Data shown:
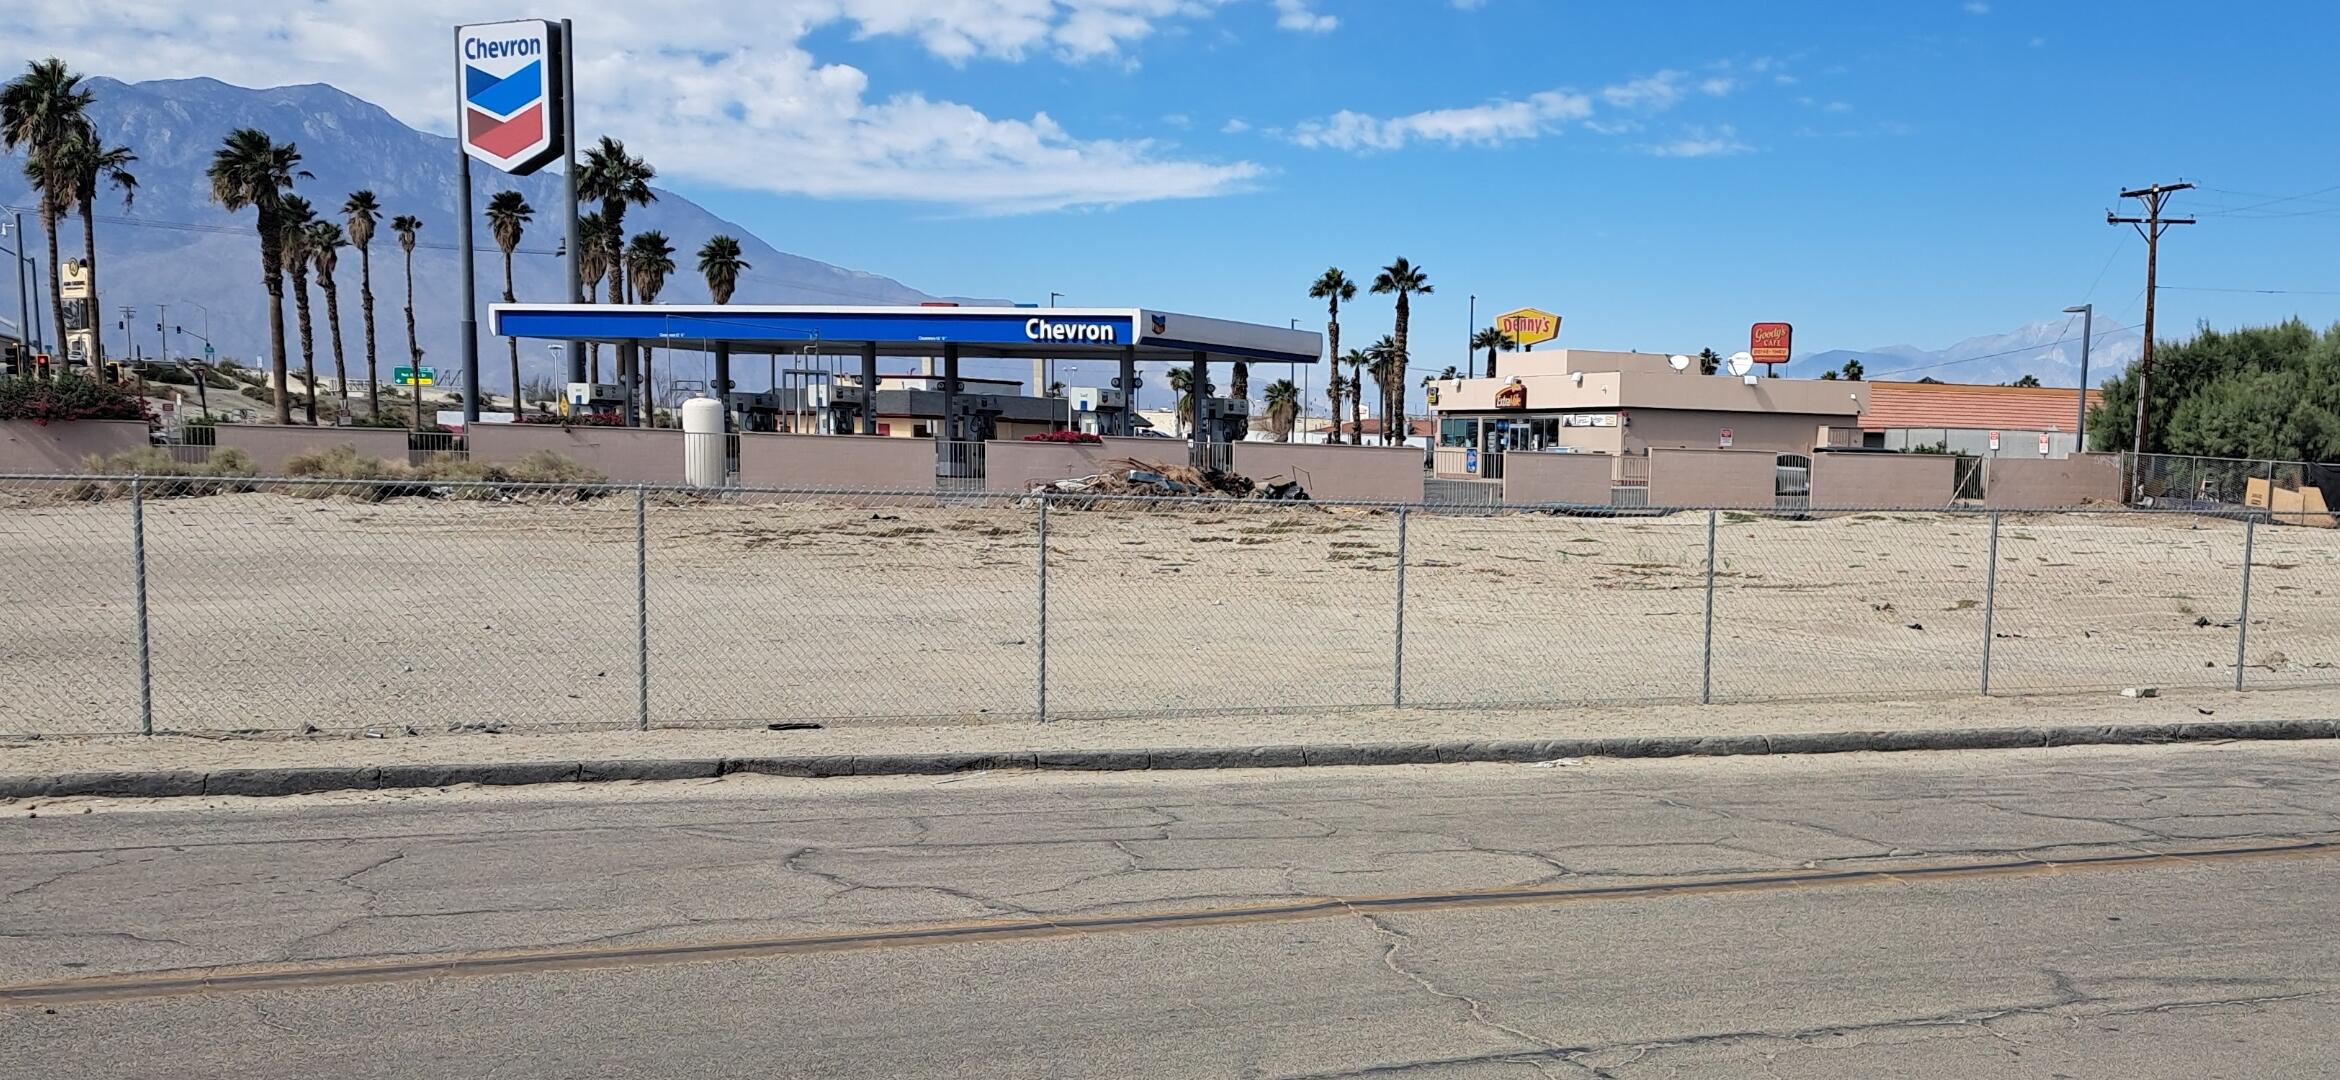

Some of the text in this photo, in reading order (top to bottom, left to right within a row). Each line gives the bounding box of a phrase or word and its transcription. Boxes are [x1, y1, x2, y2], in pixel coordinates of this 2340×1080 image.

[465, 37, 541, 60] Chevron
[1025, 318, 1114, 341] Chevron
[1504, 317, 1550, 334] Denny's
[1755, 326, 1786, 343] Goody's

Exercise directions: Pictures do not belong in the copy. Output all of the records exactly.

Result of this task:
Some of the text in this photo, in reading order (top to bottom, left to right within a row). Each line gives the bounding box of a phrase or word and its transcription. Boxes are [x1, y1, x2, y2], in pixel coordinates of this 2340×1080 image.

[465, 37, 541, 60] Chevron
[1025, 318, 1114, 341] Chevron
[1504, 317, 1550, 334] Denny's
[1755, 326, 1786, 343] Goody's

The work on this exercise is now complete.